Como qualquer outro buraco,
É um espaço diante do qual todo vivente se detém.
Não é por qualquer motivo besta que se decide entrar em um.
Tem que ter mel lá dentro, e muito.
Ou, para a abelha, néctar ou pólen.
- Qual a função da abelha, talvez florir o mundo? -,
E não qualquer um; deve ser de boa qualidade...
Boas metáforas, bons pólens.
E boas metáforas extraídas de bons pólens existem à beça.

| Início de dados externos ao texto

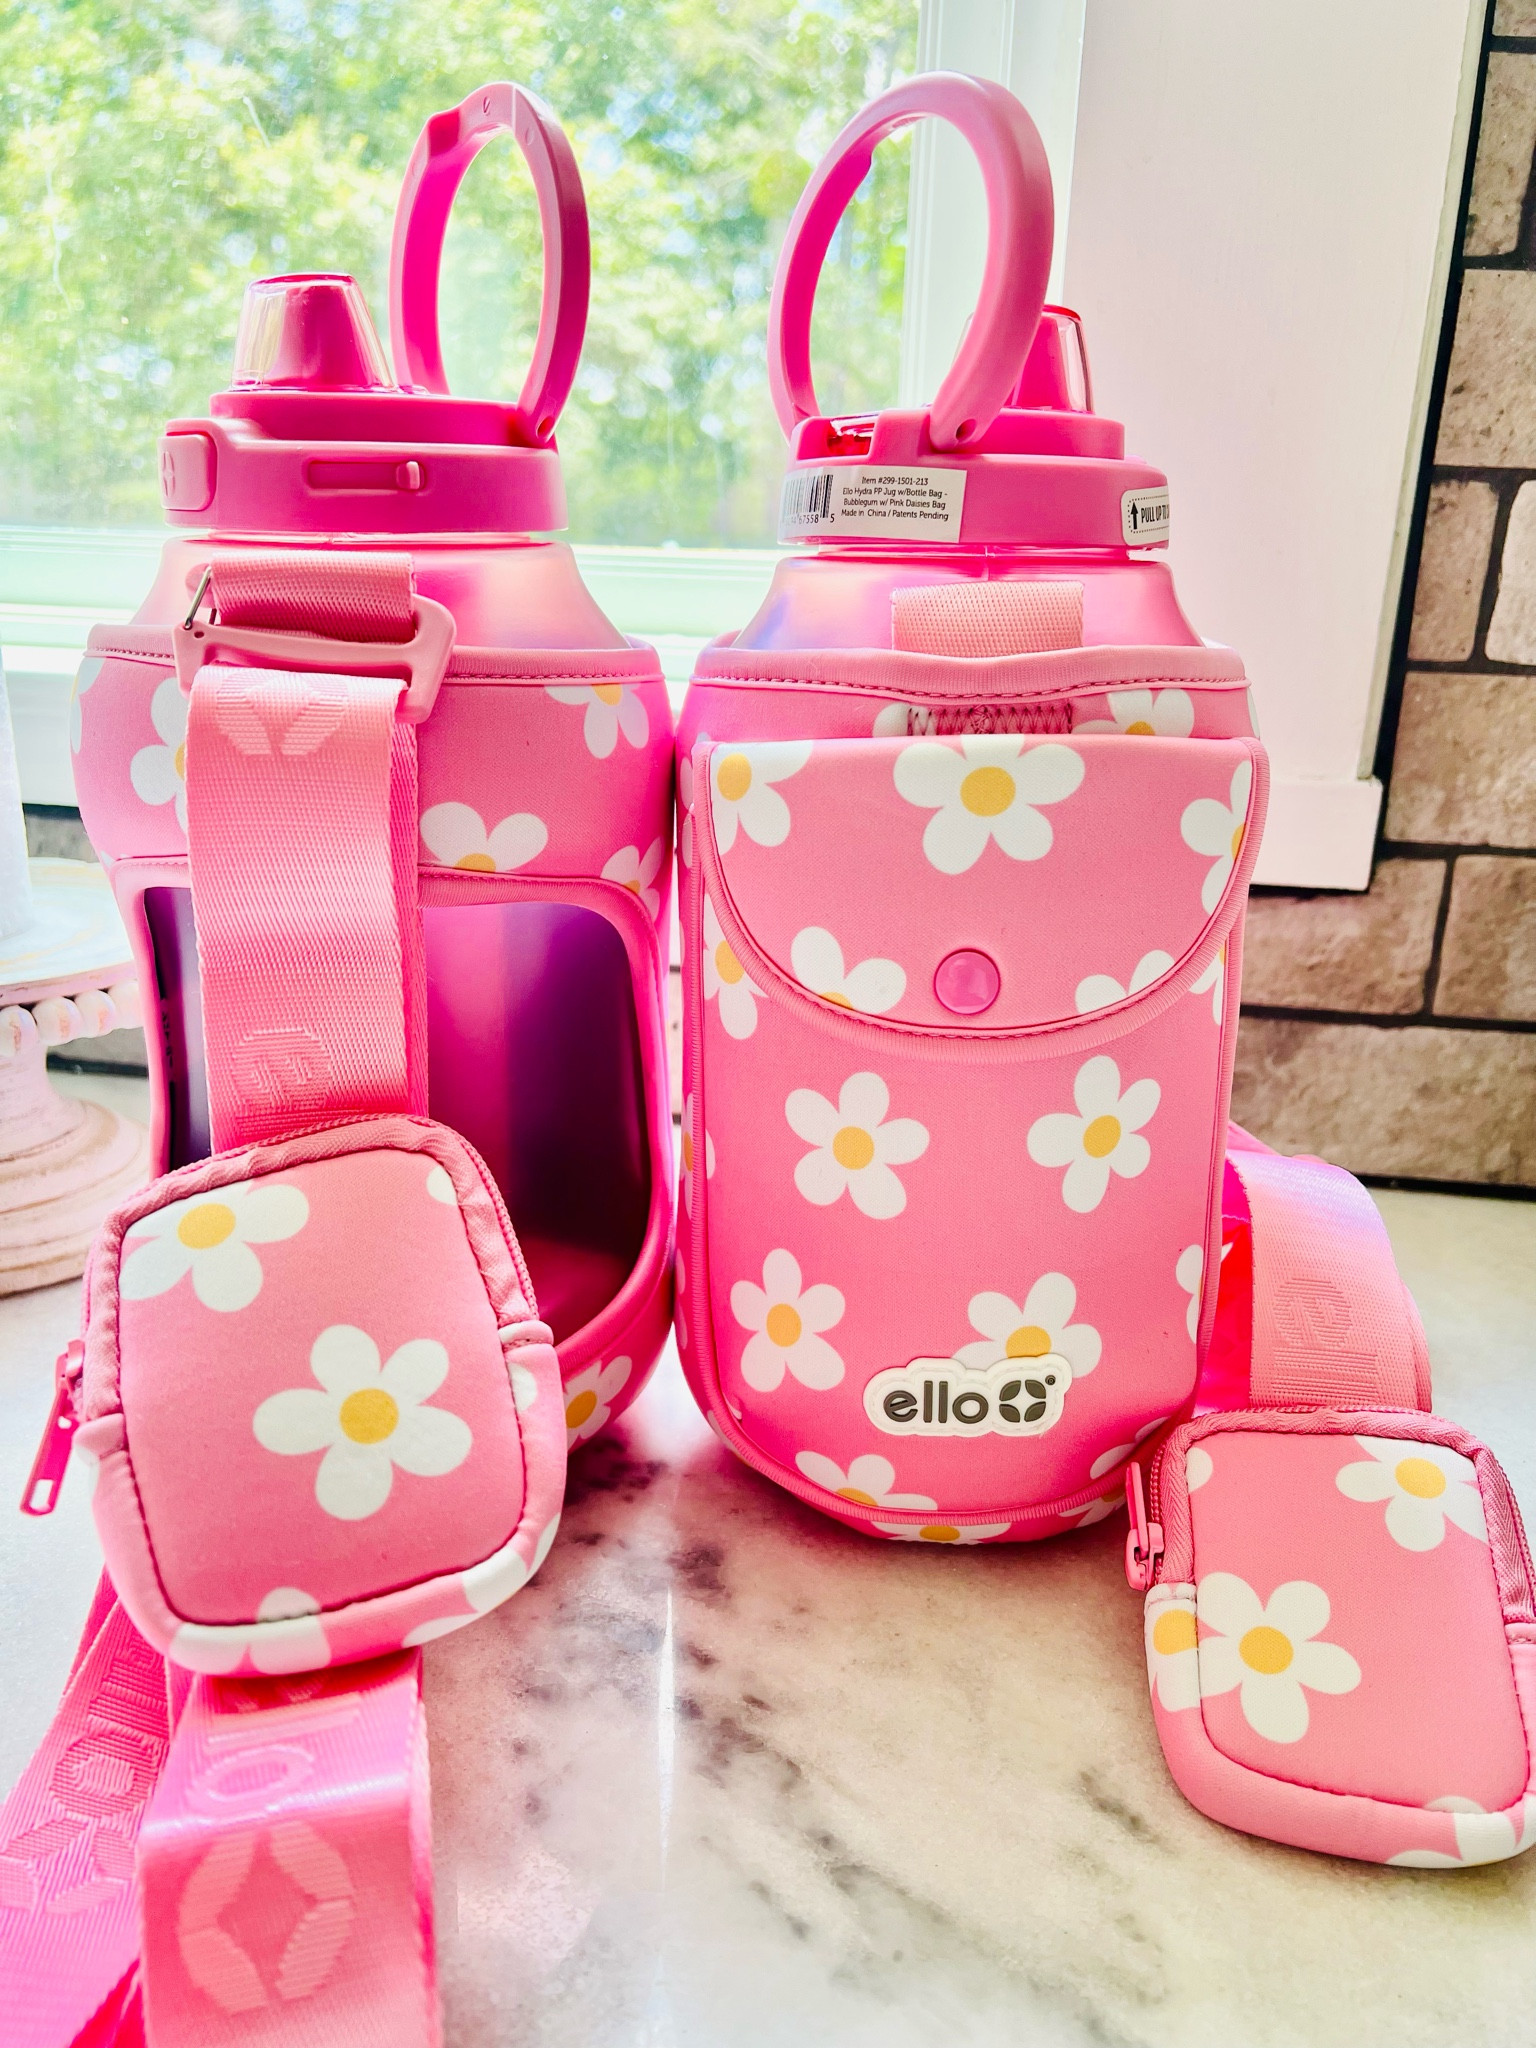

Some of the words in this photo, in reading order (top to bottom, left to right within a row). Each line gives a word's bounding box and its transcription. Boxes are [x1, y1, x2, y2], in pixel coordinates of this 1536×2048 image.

[861, 476, 876, 485] Item
[878, 476, 929, 486] #299-1501-213
[842, 487, 853, 495] Ello
[854, 487, 873, 497] Hydra
[874, 487, 882, 495] PP
[883, 487, 896, 497] Jug
[897, 488, 927, 497] w/Bottle
[928, 489, 943, 500] Bag
[843, 498, 878, 508] Bubblegum
[880, 498, 888, 506] w/
[890, 498, 904, 507] Pink
[905, 499, 930, 508] Daisies
[932, 500, 946, 511] Bag
[841, 509, 857, 517] Made
[859, 509, 865, 517] in
[867, 508, 887, 517] China
[892, 510, 918, 518] Patents
[919, 511, 949, 522] Pending
[1141, 506, 1155, 524] PULL
[883, 1380, 989, 1424] ello

“Abelha fazendo mel vale o tempo que não voou..”, diriam,
E o caracol se arrastando?
Trabalhar é preciso..., também.
Que disso resulte o discurso e a cultura, eis o que se deve respeitar
Sob risco e pena de extinguir a espécie.
Entremos no poço.
Já à porta, o que vemos?
Civilização e barbárie de mãos dadas num ritual macabro.

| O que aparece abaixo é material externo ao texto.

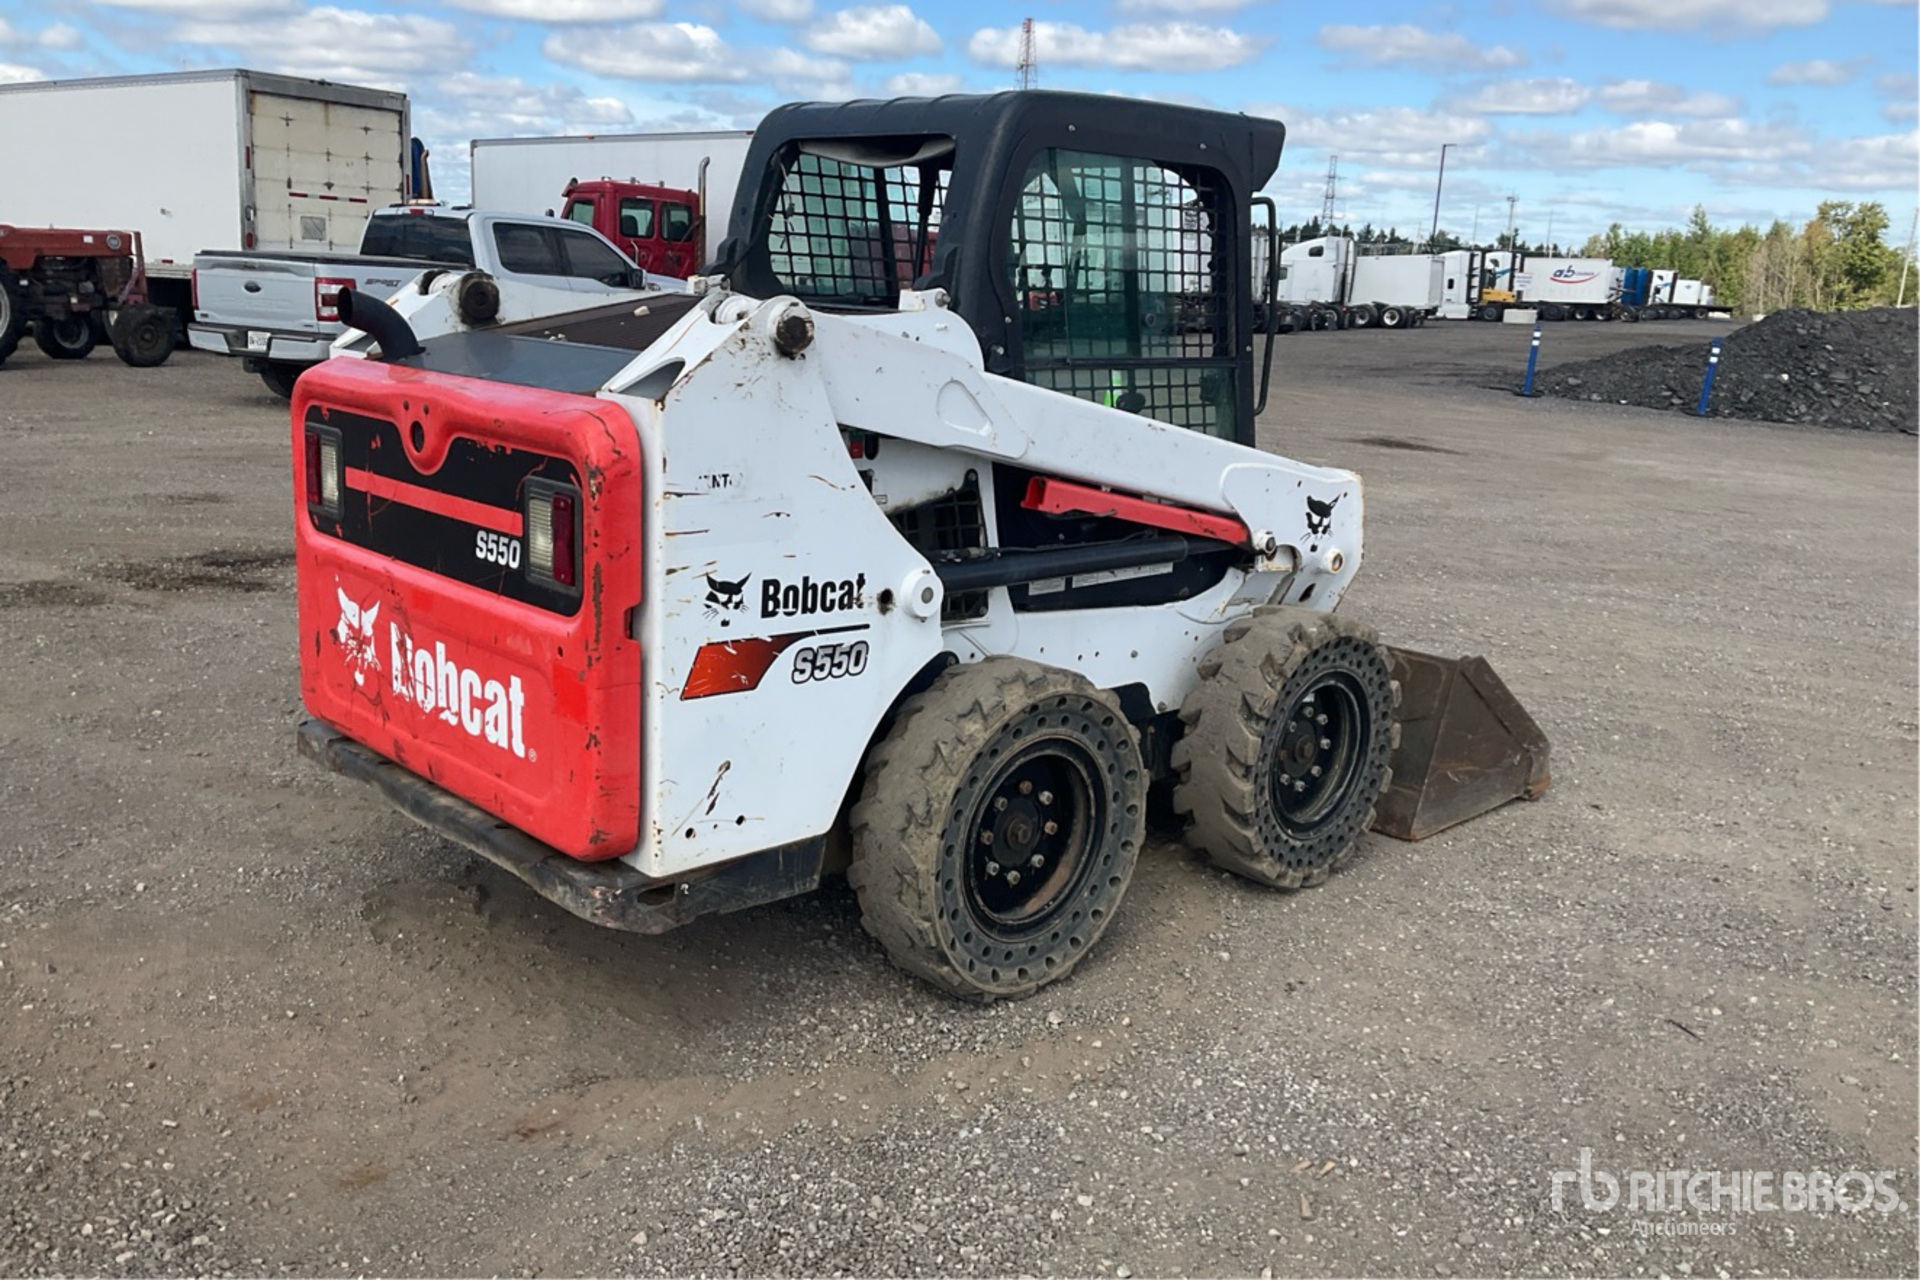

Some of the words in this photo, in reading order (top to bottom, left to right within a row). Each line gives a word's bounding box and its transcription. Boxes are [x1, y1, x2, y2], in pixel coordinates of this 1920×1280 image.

[475, 530, 521, 569] S550
[761, 573, 866, 619] Bobcat
[791, 640, 869, 685] S550

O sublime da cultura lado a lado com as facas afiadas
Agindo sobre os corpos em exposição.
Biopolítica da matança generalizada sim, mas com requinte.
Que seja de crueldade e de sublimação,
O que não se pode dizer é que sejam excludentes.
Demonstram-no os trens chegando dos guetos da Polônia
Recebidos sob os violinos de Chopin.
Tudo meticulosamente pensado, executado, saboreado à exaustão.
Colaboradores aplicados é o que não falta.
Um passo a mais.
Descendo...
A verticalidade panóptica se abre diante dos olhos.
Muita luz, pouca luz e as pupilas se dilatam na proporção.
É a estrutura.
Há muito pólen aqui.
Começa a produção do mel.
É isso, é aquilo.
Vai por aqui, vai por ali.
Sobe, desce.
E a saída Alice?
É o sexo, é o sexo,
Jesus, napoleão, socrates, maome, ...
Velho testamento, novo testamento,
Capitalismo, comunismo,
Igreja, religião,
Cristianismo, judaísmo,
Metafísica,
Passado, presente, futuro,
Hegel, marx, ..., até Nietzsche.
Kant, máxima universal.
Sartre e o outro.
Você consegue?
Panacota, terracota,
Whatsapp, facebook,
Internet, condominions
Política, economia,
Imigrante, cidadão,
pandemia
Maquiavel: fortuna e virtú.
Faca máximo plus, essa constante da história, da barbárie,
Que quanto mais se usa, mais afiada fica e
Que se afia enquanto decepa.
É que nela os bons se fiam.
Faltou dizer que se retroalimenta
Enquanto funciona sozinha.
O bife da perna direita é o que nos une
Homem moderno,
Sr. dom quixote.
É o sexo, é o sexo.
Arrre! Quanto pólen, quanto mel!!!
E Freud?
Um passo a mais, senhores!
Descendo...!
De que discurso se trata?
Lacan já o disse: 3 + 1.
Quem não acredita, vai lá ver.
Por sorte há deslizamentos, e não ruptura, entre eles.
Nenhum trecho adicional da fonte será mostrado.